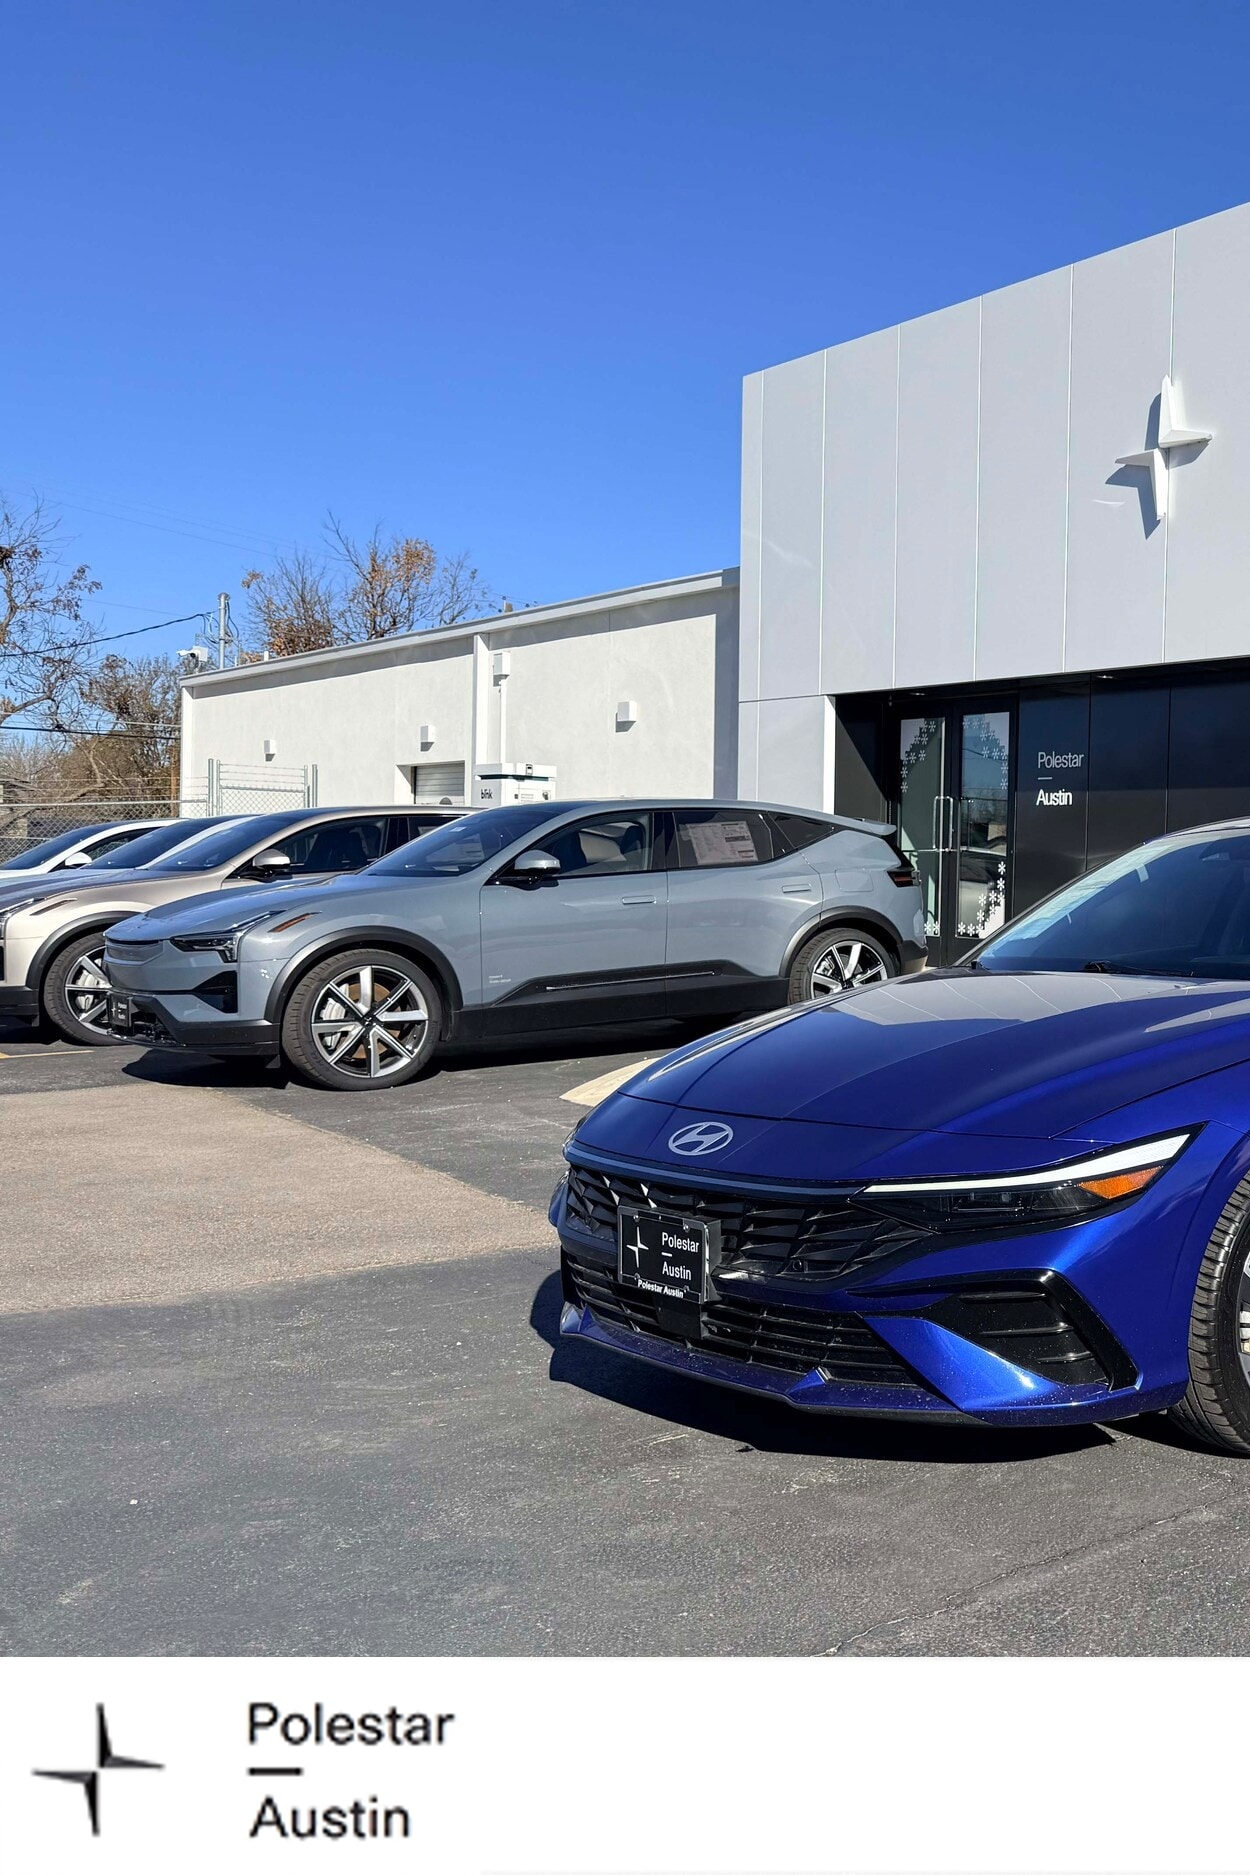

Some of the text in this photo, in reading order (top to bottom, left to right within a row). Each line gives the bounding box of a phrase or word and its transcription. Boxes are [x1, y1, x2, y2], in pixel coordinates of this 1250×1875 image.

[1037, 751, 1084, 769] Polestar
[481, 789, 493, 799] blink
[1035, 788, 1073, 806] Austin
[661, 1231, 700, 1253] Polestar
[662, 1261, 692, 1281] Austin
[637, 1279, 684, 1299] Polestar Austin
------------------------------------------------------------
Return all entries preceding this task exactly as they stand, leaving any picture out.

Some of the text in this photo, in reading order (top to bottom, left to right within a row). Each line gives the bounding box of a phrase or word and its transcription. Boxes are [x1, y1, x2, y2], in pixel coordinates of this 1250×1875 image.

[1037, 751, 1084, 769] Polestar
[481, 789, 493, 799] blink
[1035, 788, 1073, 806] Austin
[661, 1231, 700, 1253] Polestar
[662, 1261, 692, 1281] Austin
[637, 1279, 684, 1299] Polestar Austin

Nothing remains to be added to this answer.